• **EXERCISE PROMPT**:
Print, from the listing below, the lines starting at the line containing "this 1801×1201 image." and ending at the line containing "Some of the words", exactly as they stand, and print nothing else.

• **ENTRIES PROVIDED**:
BEGIN

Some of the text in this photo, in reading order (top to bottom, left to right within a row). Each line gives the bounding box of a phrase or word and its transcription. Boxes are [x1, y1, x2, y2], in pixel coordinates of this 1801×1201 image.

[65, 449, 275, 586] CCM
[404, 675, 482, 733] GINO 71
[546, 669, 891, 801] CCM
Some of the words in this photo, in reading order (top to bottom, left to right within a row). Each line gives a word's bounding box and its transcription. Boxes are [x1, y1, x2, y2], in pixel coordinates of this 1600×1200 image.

END
BEGIN

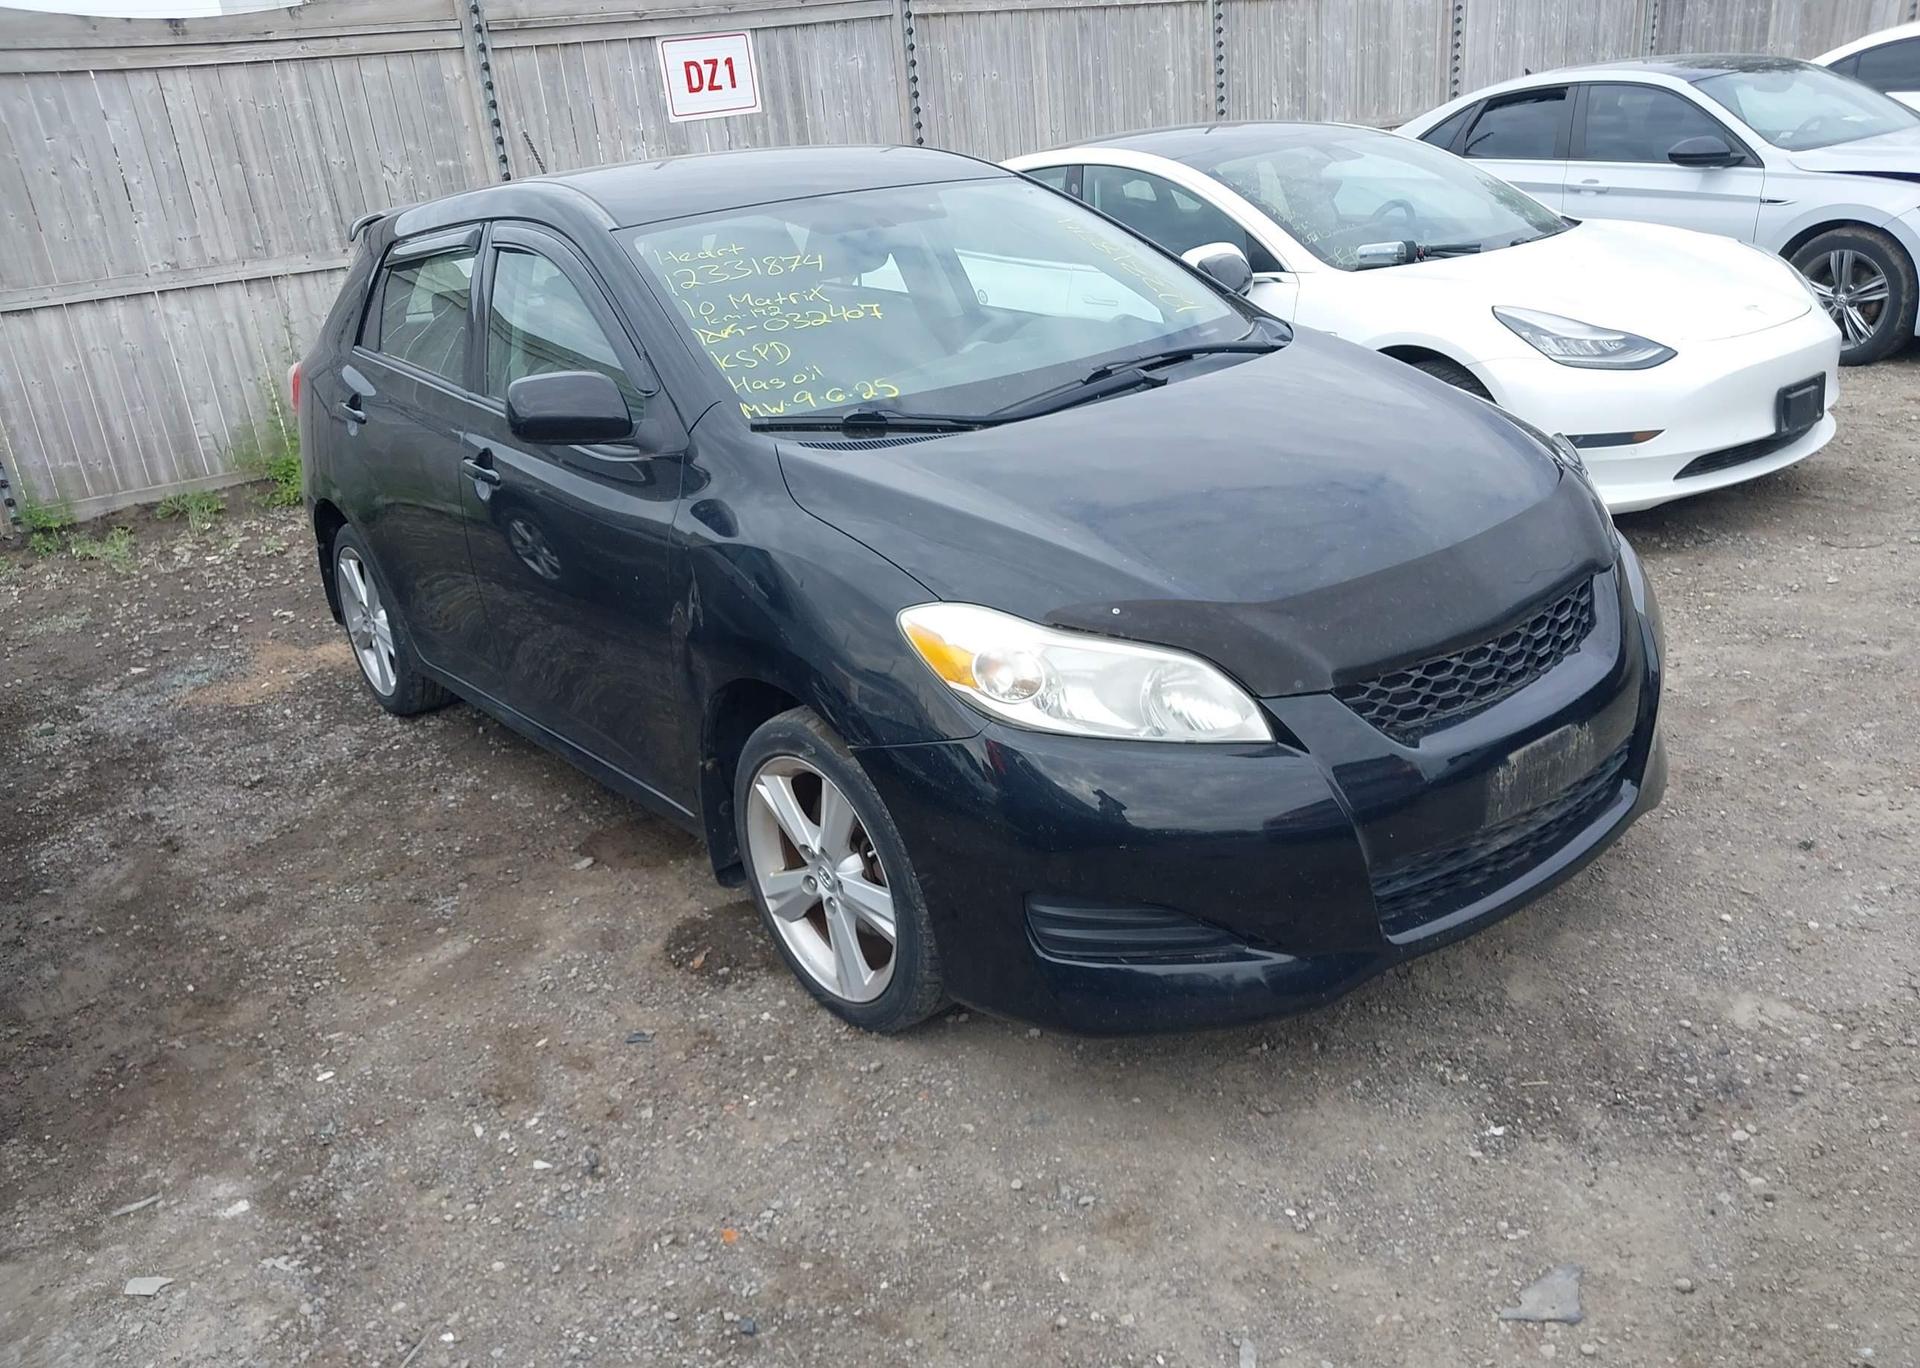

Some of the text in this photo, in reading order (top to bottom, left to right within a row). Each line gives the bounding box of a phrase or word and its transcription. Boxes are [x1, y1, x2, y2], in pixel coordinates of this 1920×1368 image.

END

• **TASK OUTPUT**:
Some of the text in this photo, in reading order (top to bottom, left to right within a row). Each line gives the bounding box of a phrase or word and its transcription. Boxes are [x1, y1, x2, y2], in pixel coordinates of this 1801×1201 image.

[65, 449, 275, 586] CCM
[404, 675, 482, 733] GINO 71
[546, 669, 891, 801] CCM
Some of the words in this photo, in reading order (top to bottom, left to right within a row). Each line gives a word's bounding box and its transcription. Boxes are [x1, y1, x2, y2], in pixel coordinates of this 1600×1200 image.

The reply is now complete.